NEW YORK — Wall Street gave T-Mobile US Inc., the new-born combination of T-Mobile USA and MetroPCS, a warm welcome on its first day of trading.

The stock was at $16.45 in midday trading Wednesday, up 87 cents, or 5.5 percent, from the value of MetroPCS shares at Tuesday's close. That suggests the combined company is attracting new investor interest.

The deal was structured as a reverse merger. The larger T-Mobile USA, which was a wholly owned subsidiary of Germany's Deutsche Telekom AG and thus lacked its own stock listing, was "acquired" by the smaller MetroPCS Communications Inc. and inherited its stock listing. However, Deutsche Telekom owns 74 percent of the new, combined company.

The stock is trading under a new ticker symbol, "TMUS," on the New York Stock Exchange.

Goldman Sachs analyst Matthew Niknam started coverage on Wednesday with a "Buy" rating and a $22 price target. Deal-making in the U.S. wireless industry is at a fever pitch, and Niknam believes Deutsche Telekom would be willing to sell its stake in the company.

AT&T Inc. tried to buy T-Mobile USA in 2011 with an offer much higher than the current market value, but the deal fell through because of opposition from regulators. Satellite-TV company Dish Network Corp. last month launched an unsolicited bid for No. 3 wireless carrier Sprint Nextel Corp., but Sprint has already agreed to sell to Softbank Corp. of Japan. There is speculation that T-Mobile could be Dish's next target, if the Sprint offer is rebuffed.

T-Mobile, the No. 4 U.S. cellphone carrier, is adding 9 million MetroPCS customers to its own 34 million. The combined company will still lag No. 3 Sprint Nextel Corp. in size.

No immediate changes are expected for customers of either company, and T-Mobile plans to keep the "MetroPCS" brand. Over the next two years, however, the company will shut down MetroPCS's network, which means MetroPCS phones will eventually stop working. T-Mobile will use the space freed up on the airwaves to boost its own coverage and data speeds.

In March, T-Mobile dropped its conventional two-year service contracts in favor of selling phones with installment plans. It's made the change a centerpiece of its marketing, calling itself the "Un-carrier." It's a break with industry practices, and a reflection of the fact that T-Mobile has had a hard time attracting people to its contract-based plans. It has been losing customers from these plans for two years.

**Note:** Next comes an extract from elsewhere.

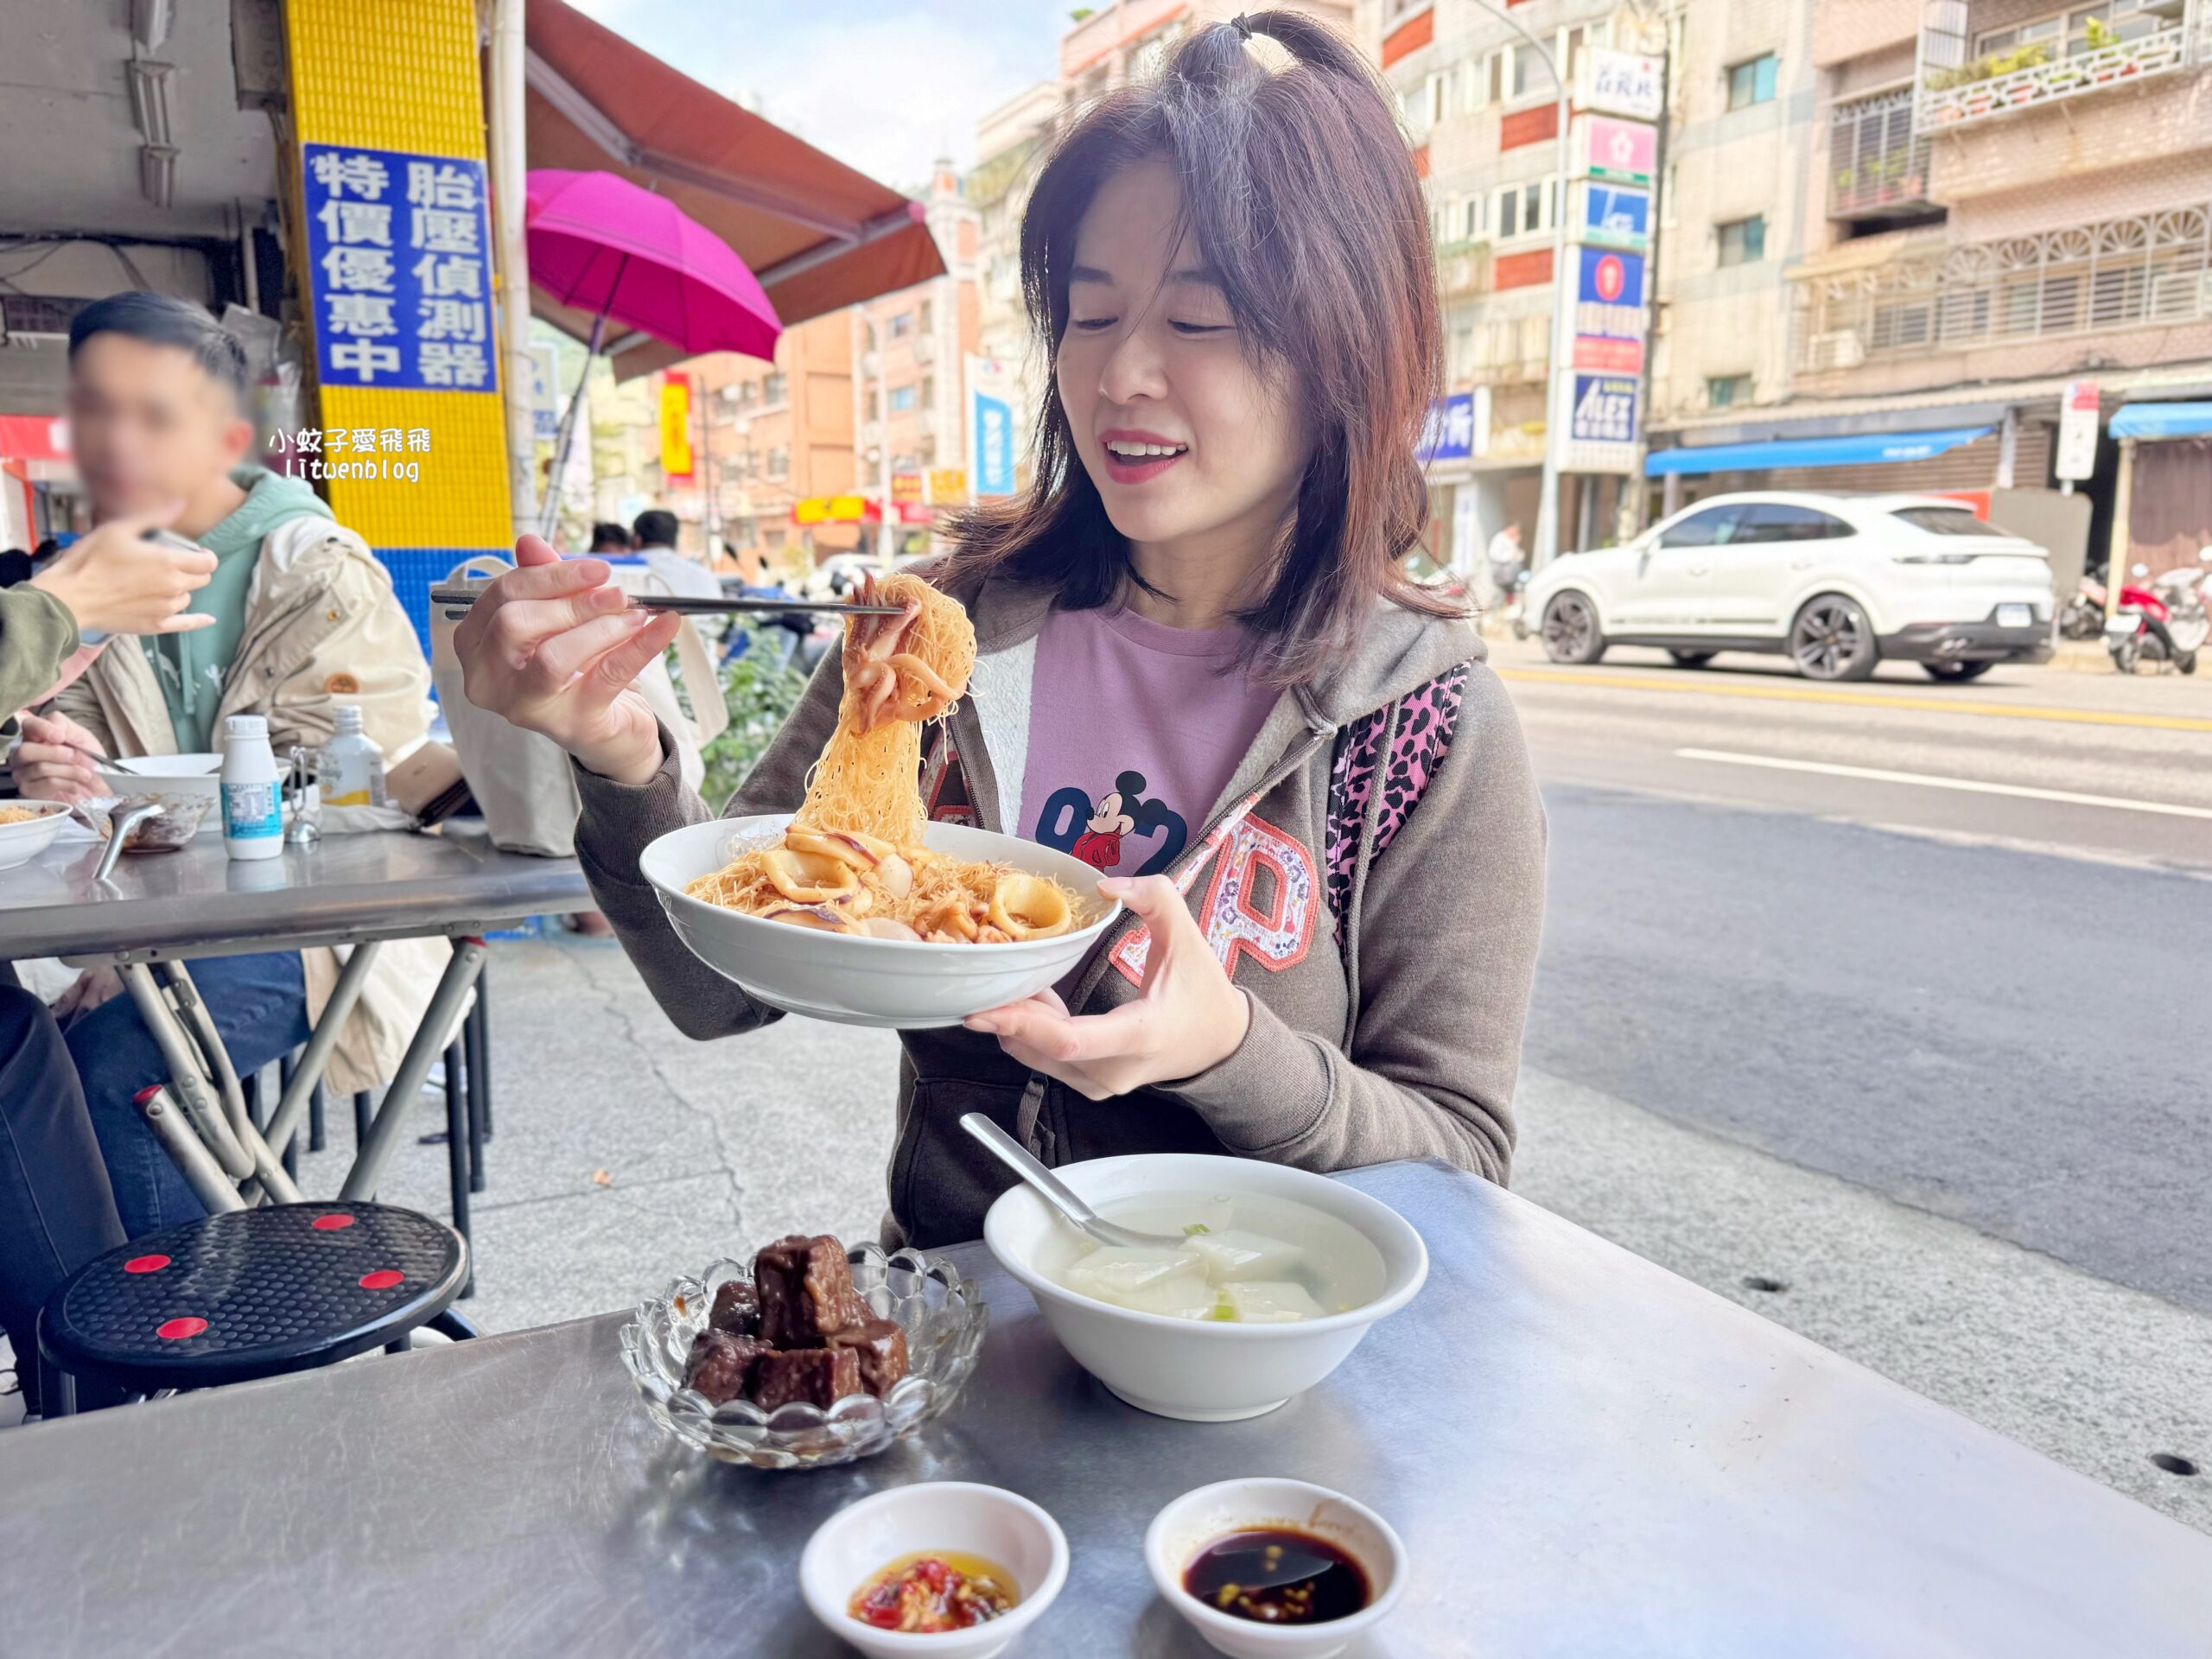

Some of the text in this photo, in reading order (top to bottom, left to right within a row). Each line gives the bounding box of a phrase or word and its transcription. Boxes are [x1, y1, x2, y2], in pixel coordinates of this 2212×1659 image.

[310, 152, 401, 382] 特價優惠中
[406, 162, 489, 387] 胎壓偵測器
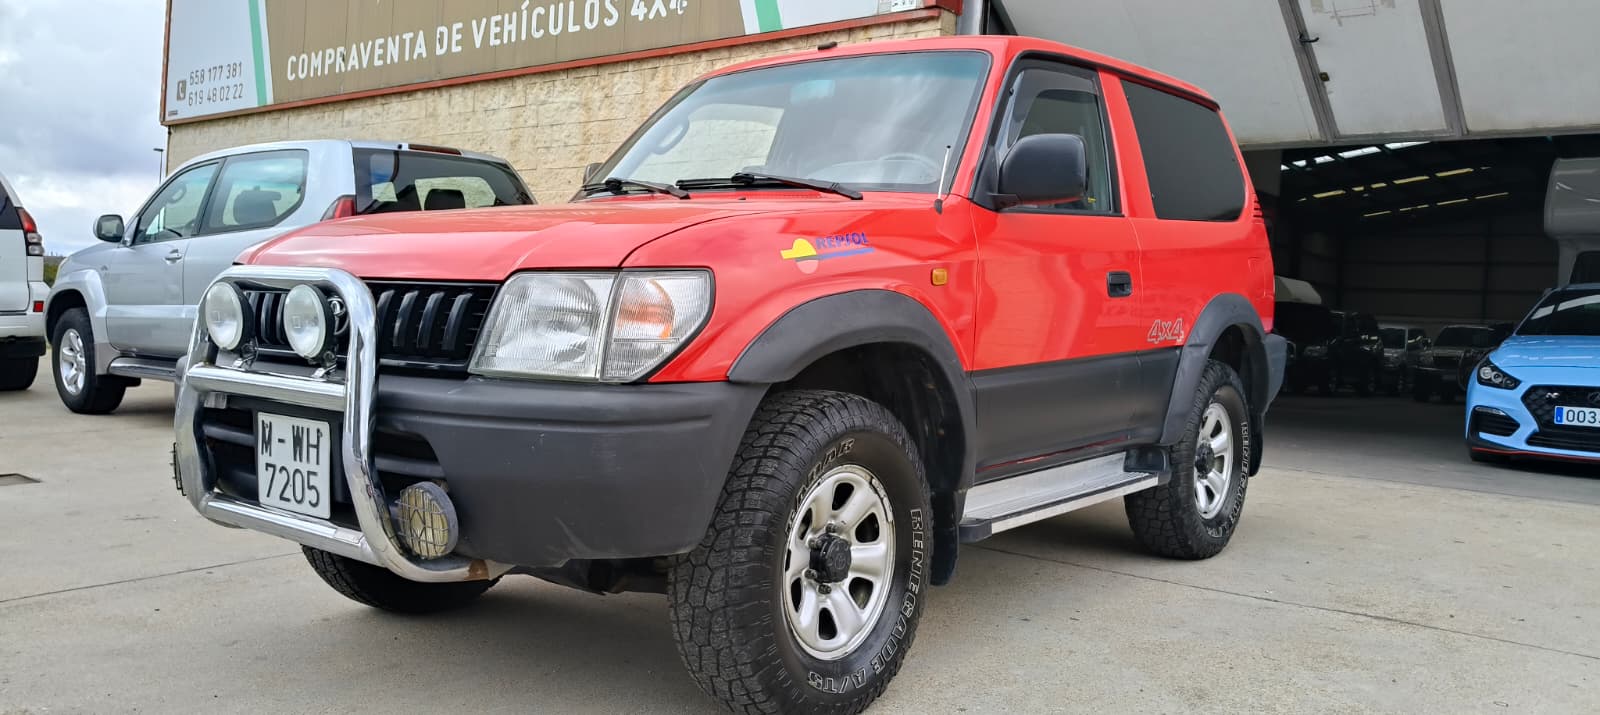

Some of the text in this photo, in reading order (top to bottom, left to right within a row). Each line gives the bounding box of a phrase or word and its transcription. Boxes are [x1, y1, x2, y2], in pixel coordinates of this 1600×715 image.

MetroPCS, meanwhile, started losing customers last year after many years of growth. It sells cheap phone service to low-income urban customers, who often line up in its stores to pay their monthly fees in cash.

MetroPCS shareholders got $4.05 in cash and half a TMUS share for each MetroPCS share.

MetroPCS's board agreed to sell to T-Mobile in October, but shareholders and shareholder advisory firms called the offer inadequate. T-Mobile improved its bid three weeks ago by reducing the amount of debt it would transfer to the new company and lowering the interest rate on the debt. The improved offer won shareholder approval last week.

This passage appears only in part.